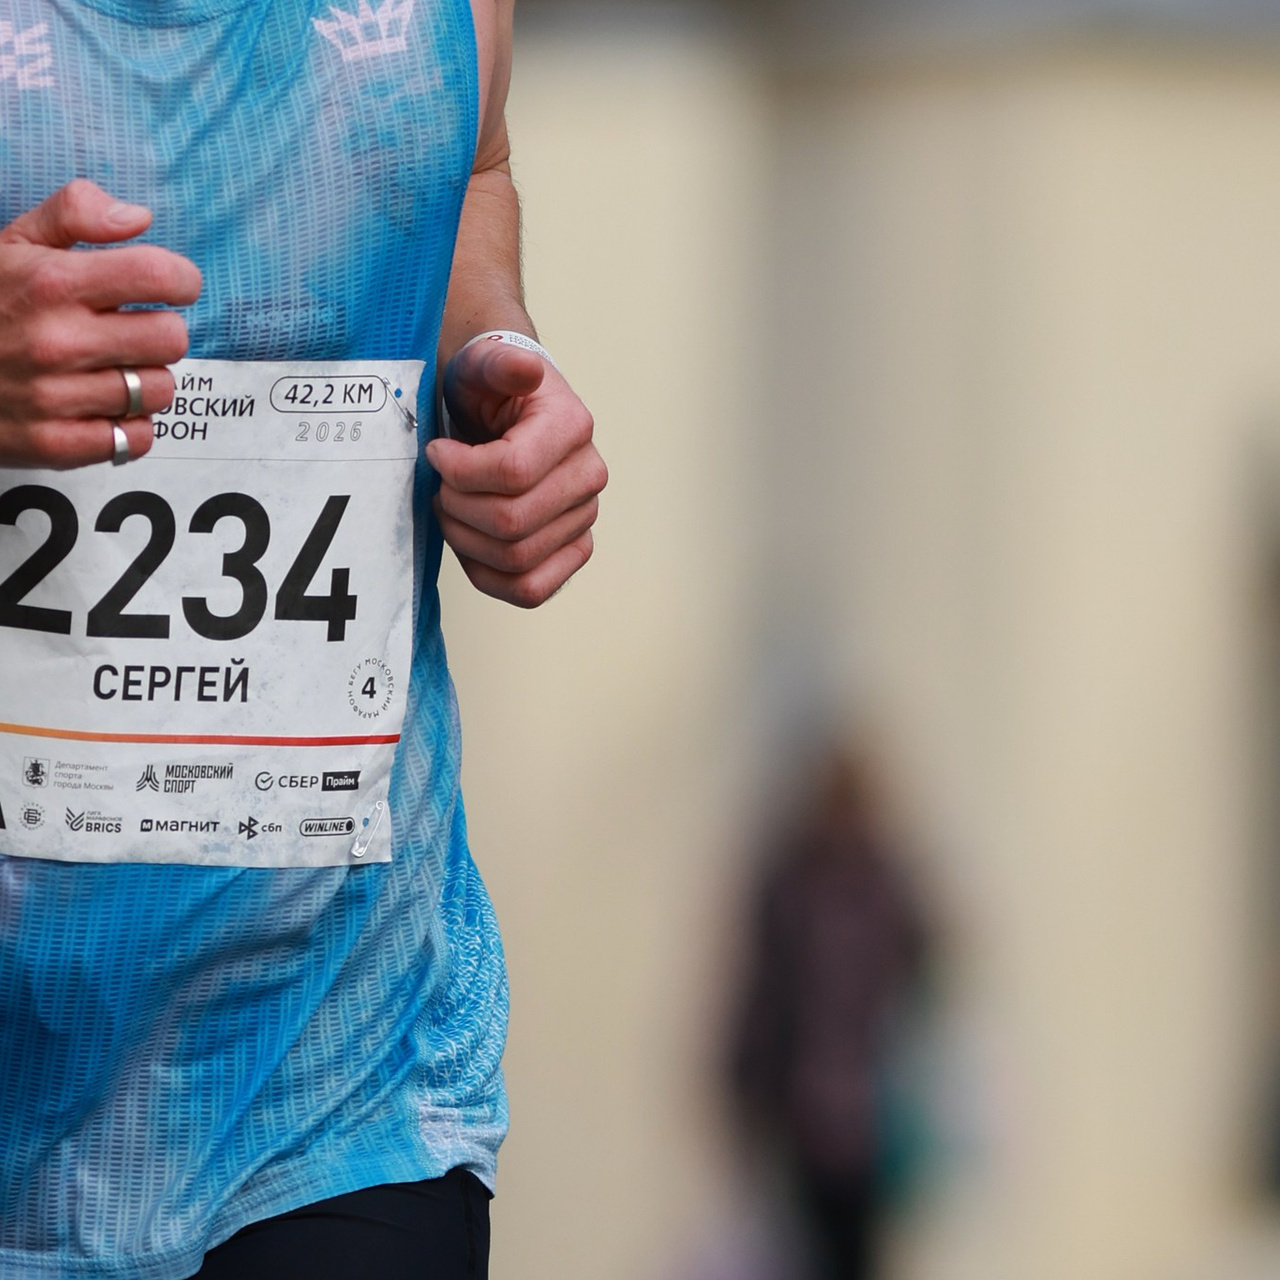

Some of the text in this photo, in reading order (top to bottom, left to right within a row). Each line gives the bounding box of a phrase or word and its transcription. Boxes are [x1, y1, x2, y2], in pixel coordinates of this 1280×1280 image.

[175, 373, 213, 392] ЙМ
[284, 383, 373, 407] 42,2 КМ
[295, 421, 363, 442] 2026
[93, 658, 250, 703] СЕРГЕЙ
[365, 658, 394, 711] МОСКОВСКИЙ
[361, 676, 377, 699] 4
[347, 690, 379, 719] МАРАФОН
[54, 761, 108, 771] Департамент
[165, 762, 233, 779] МОСКОВСКИЙ
[54, 771, 82, 780] спорта
[278, 775, 355, 788] СБЕР Прайм
[53, 780, 114, 791] города Москвы
[163, 780, 196, 793] СПОРТ
[85, 822, 122, 833] BRICS
[155, 820, 220, 832] магнит
[261, 822, 282, 832] сбп
[304, 822, 345, 832] WINLINE

DIRECTIONS: Exact copy, no pictures: write out all the records above.

RESPONSE TO THE TASK:
Some of the text in this photo, in reading order (top to bottom, left to right within a row). Each line gives the bounding box of a phrase or word and its transcription. Boxes are [x1, y1, x2, y2], in pixel coordinates of this 1280×1280 image.

[175, 373, 213, 392] ЙМ
[284, 383, 373, 407] 42,2 КМ
[295, 421, 363, 442] 2026
[93, 658, 250, 703] СЕРГЕЙ
[365, 658, 394, 711] МОСКОВСКИЙ
[361, 676, 377, 699] 4
[347, 690, 379, 719] МАРАФОН
[54, 761, 108, 771] Департамент
[165, 762, 233, 779] МОСКОВСКИЙ
[54, 771, 82, 780] спорта
[278, 775, 355, 788] СБЕР Прайм
[53, 780, 114, 791] города Москвы
[163, 780, 196, 793] СПОРТ
[85, 822, 122, 833] BRICS
[155, 820, 220, 832] магнит
[261, 822, 282, 832] сбп
[304, 822, 345, 832] WINLINE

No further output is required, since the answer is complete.